## [Work to be completed]
A word-for-word copy of the following listing is needed. Leave out its images.

· · · ·

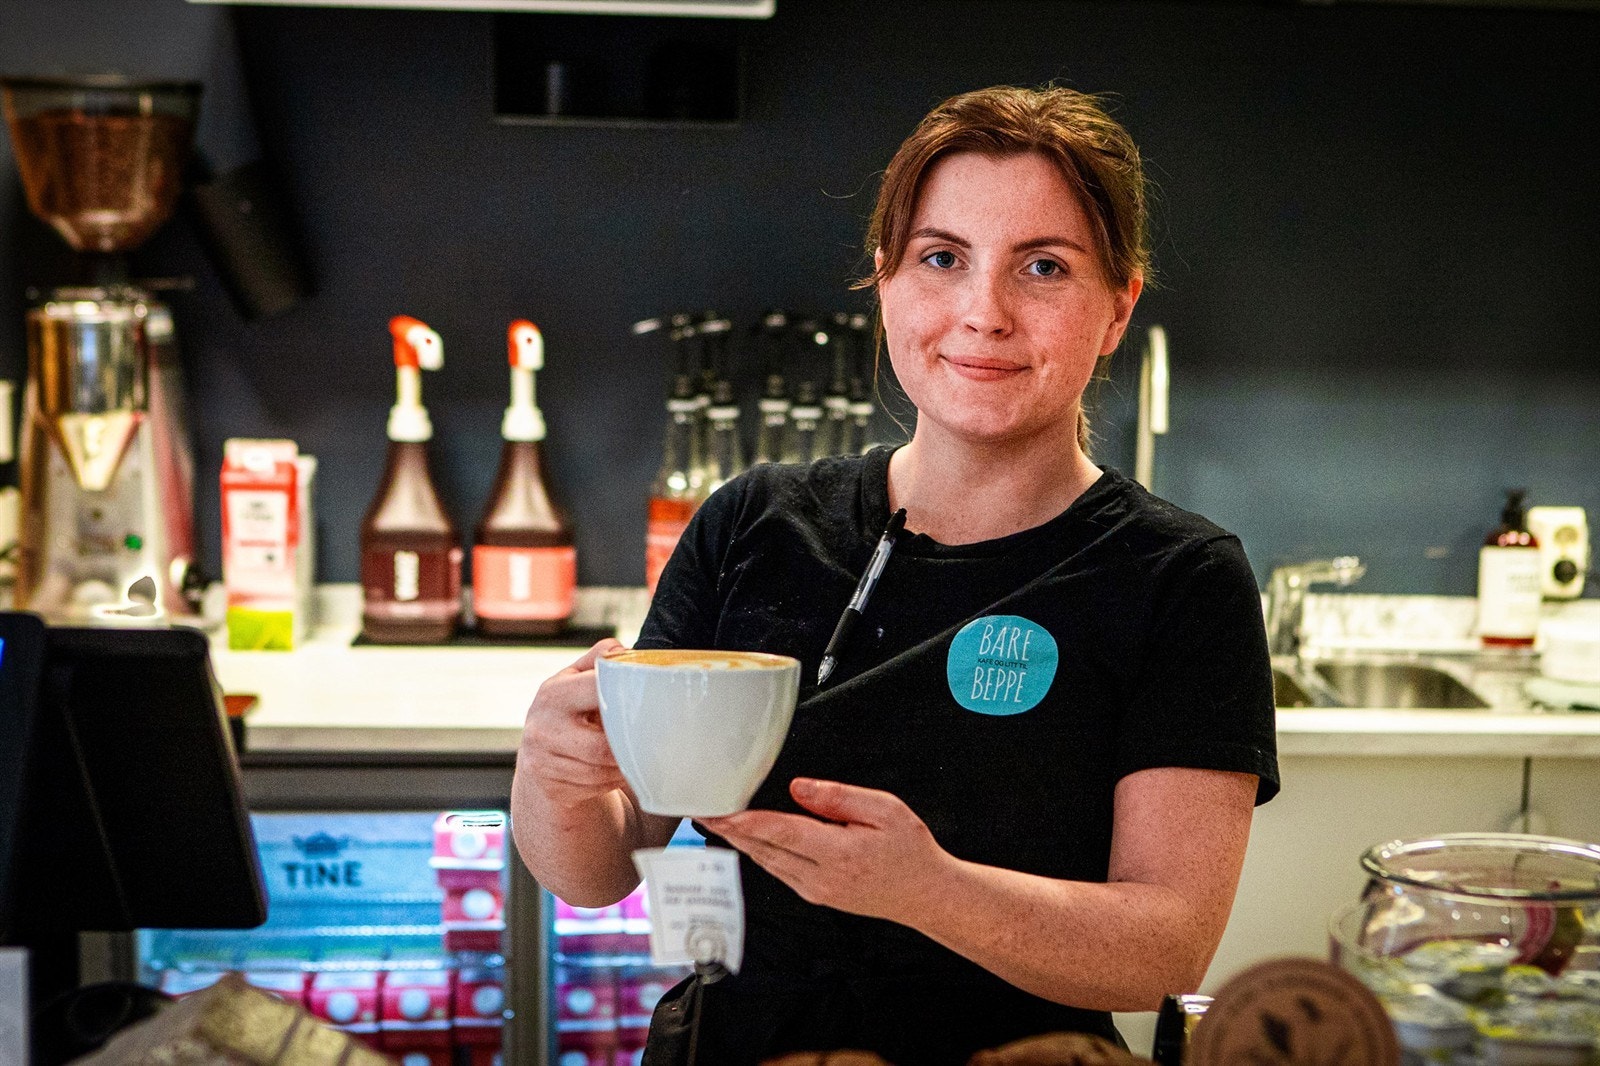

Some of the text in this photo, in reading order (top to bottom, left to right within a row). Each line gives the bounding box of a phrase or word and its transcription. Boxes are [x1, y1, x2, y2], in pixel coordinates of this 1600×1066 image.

[979, 624, 1033, 661] BARE
[994, 659, 1004, 667] OG
[971, 666, 1027, 702] BEPPE
[282, 861, 362, 888] TINE
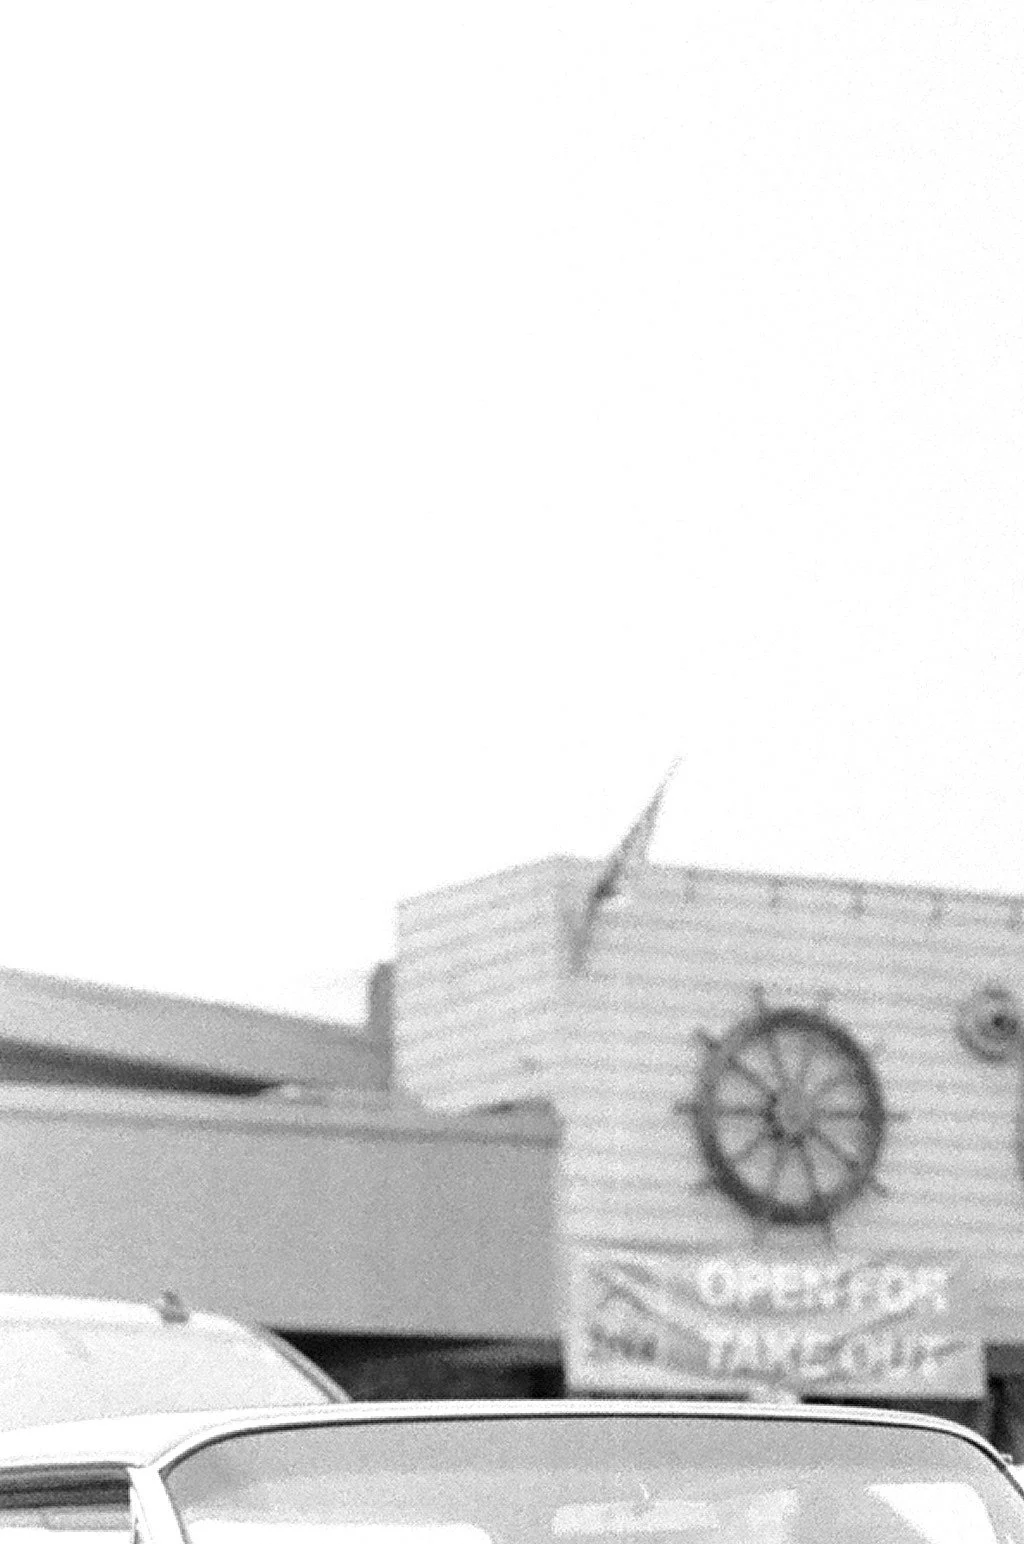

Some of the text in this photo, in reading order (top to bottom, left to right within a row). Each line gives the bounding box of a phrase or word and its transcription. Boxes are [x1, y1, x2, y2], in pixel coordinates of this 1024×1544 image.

[697, 1257, 949, 1314] OPEN FOR
[699, 1321, 957, 1383] TAKE OUT
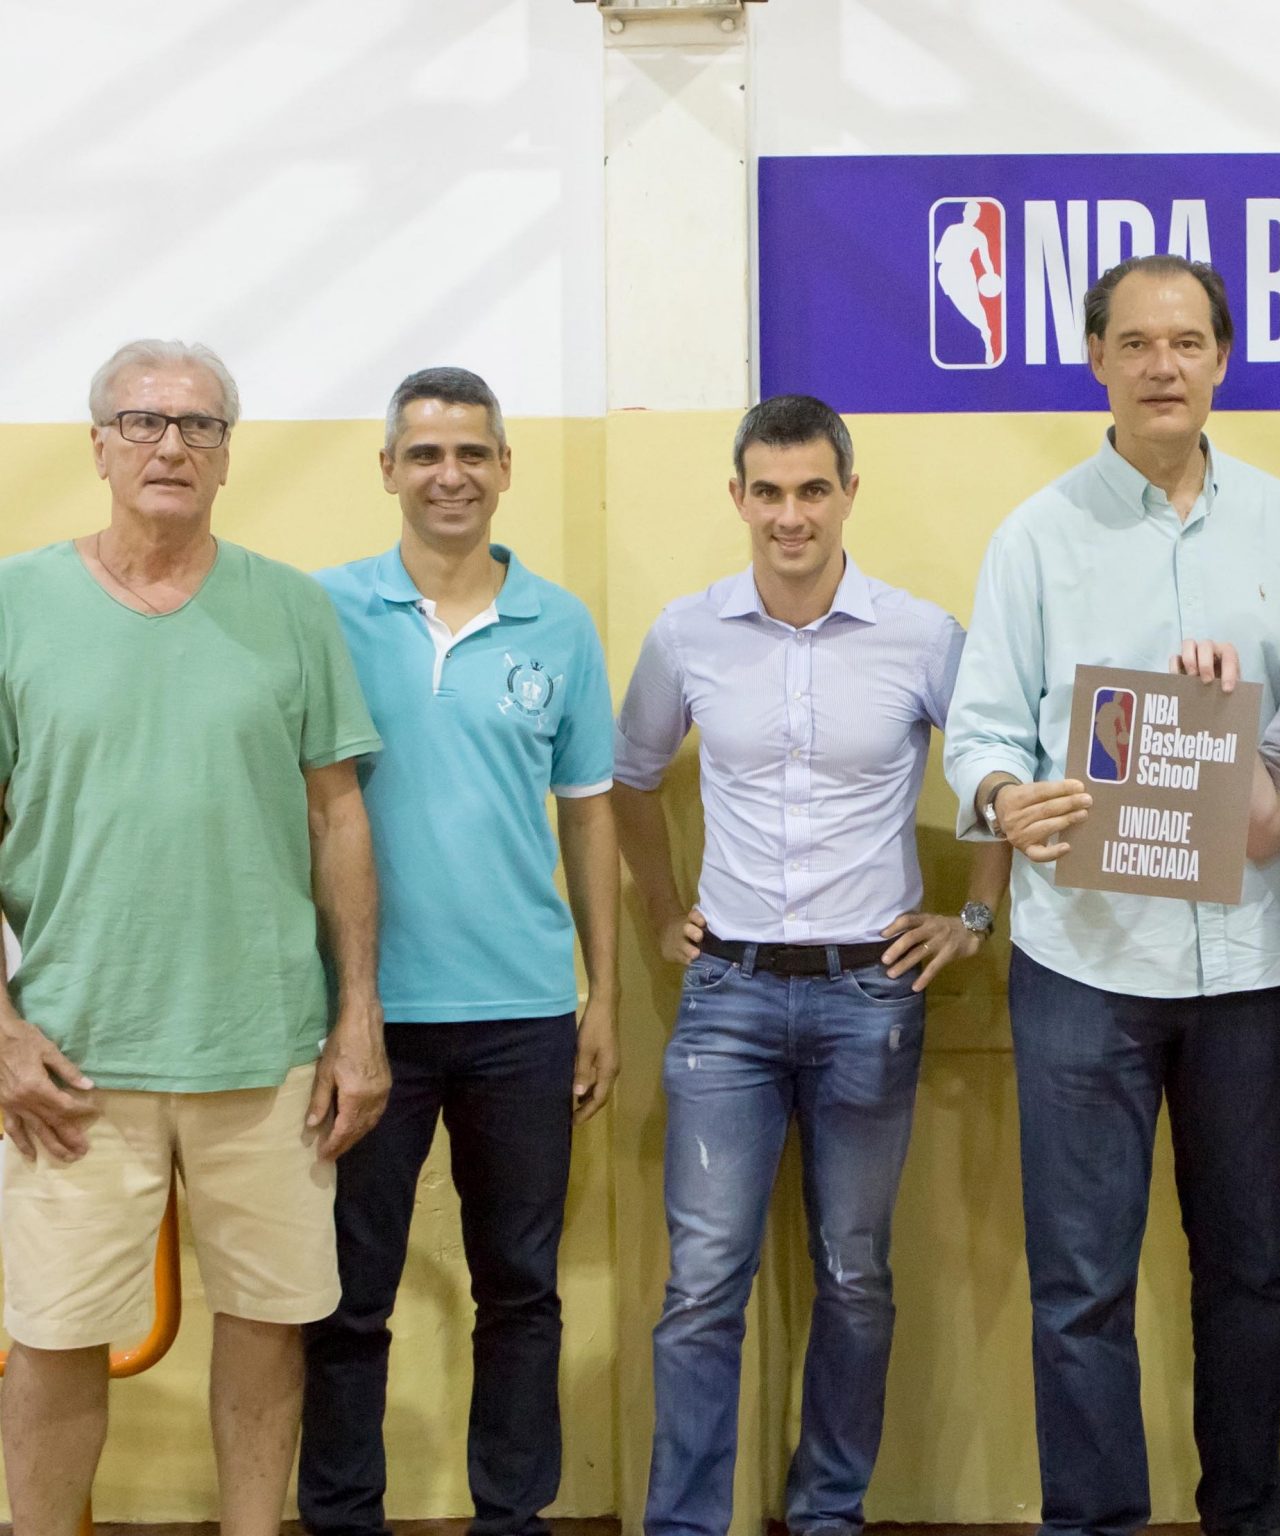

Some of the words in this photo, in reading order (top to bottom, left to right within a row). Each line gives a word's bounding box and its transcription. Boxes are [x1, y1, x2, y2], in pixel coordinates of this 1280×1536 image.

[1143, 693, 1179, 727] NBA
[1139, 724, 1238, 764] Basketball
[1136, 755, 1200, 791] School
[1118, 805, 1193, 844] UNIDADE
[1101, 840, 1199, 882] LICENCIADA

· · · ·

## [Task response]
Some of the text in this photo, in reading order (top to bottom, left to right within a row). Each line gives the bounding box of a phrase or word and its transcription. Boxes are [x1, y1, x2, y2], in pixel coordinates of this 1600×1066 image.

[979, 624, 1033, 661] BARE
[994, 659, 1004, 667] OG
[971, 666, 1027, 702] BEPPE
[282, 861, 362, 888] TINE

Some of the text in this photo, in reading order (top to bottom, left to right within a row). Each line gives the bounding box of a phrase or word and its transcription. Boxes are [x1, y1, x2, y2], in pixel coordinates of this 1024×1544 image.

[697, 1257, 949, 1314] OPEN FOR
[699, 1321, 957, 1383] TAKE OUT

Some of the words in this photo, in reading order (top to bottom, left to right within a row). Each line gives a word's bounding box and its transcription. Boxes are [x1, y1, x2, y2], in pixel coordinates of this 1280×1536 image.

[1143, 693, 1179, 727] NBA
[1139, 724, 1238, 764] Basketball
[1136, 755, 1200, 791] School
[1118, 805, 1193, 844] UNIDADE
[1101, 840, 1199, 882] LICENCIADA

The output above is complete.